- **Task instructions**:
Output all of the data below without changing a word, and exclude the pictures.
##########
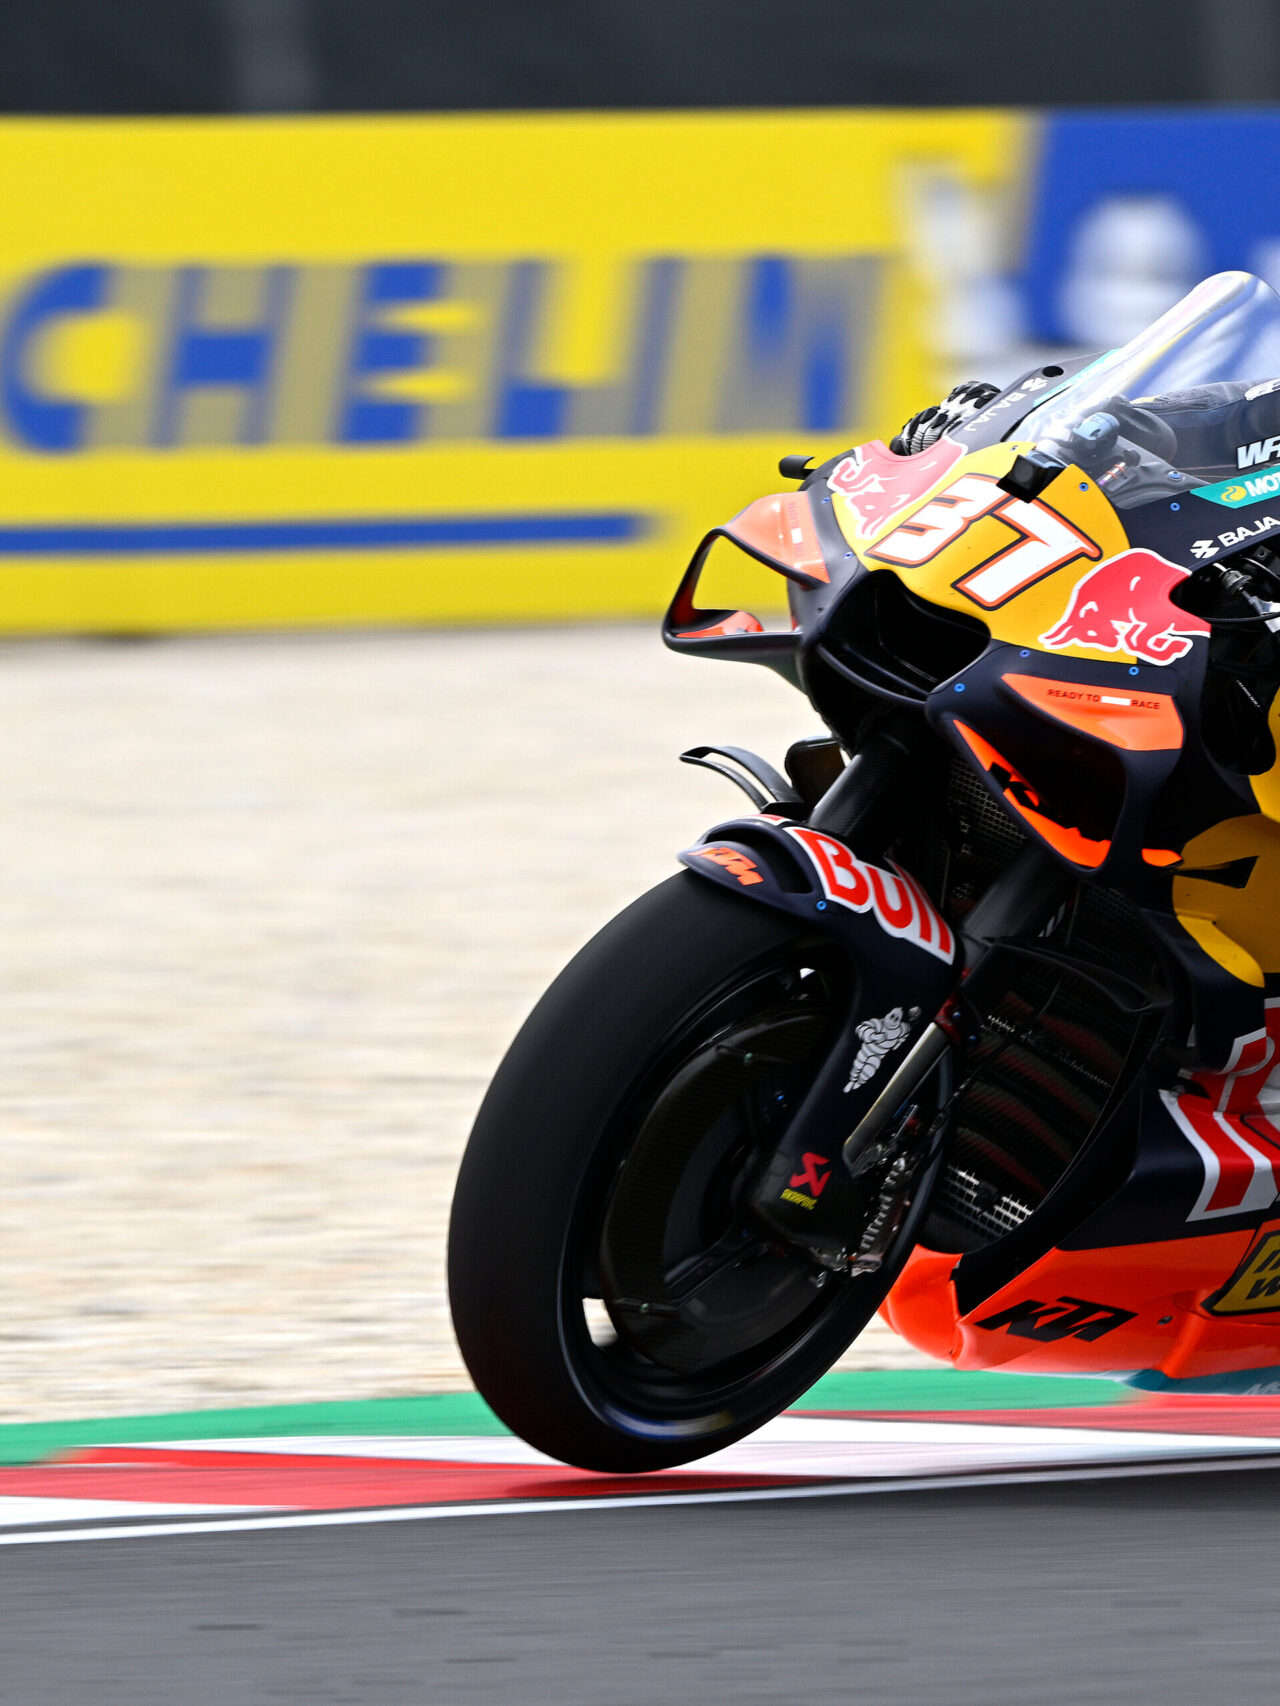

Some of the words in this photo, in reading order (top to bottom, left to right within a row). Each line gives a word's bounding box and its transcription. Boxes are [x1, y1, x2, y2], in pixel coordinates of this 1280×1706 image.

[865, 473, 1103, 611] 37
[1047, 688, 1082, 700] READY
[1086, 693, 1101, 703] TO
[1130, 699, 1161, 710] RACE
[690, 847, 765, 886] KTM
[784, 825, 956, 965] Bull
##########
- **Expected answer**:
Some of the words in this photo, in reading order (top to bottom, left to right within a row). Each line gives a word's bounding box and its transcription. Boxes are [x1, y1, x2, y2], in pixel coordinates of this 1280×1706 image.

[865, 473, 1103, 611] 37
[1047, 688, 1082, 700] READY
[1086, 693, 1101, 703] TO
[1130, 699, 1161, 710] RACE
[690, 847, 765, 886] KTM
[784, 825, 956, 965] Bull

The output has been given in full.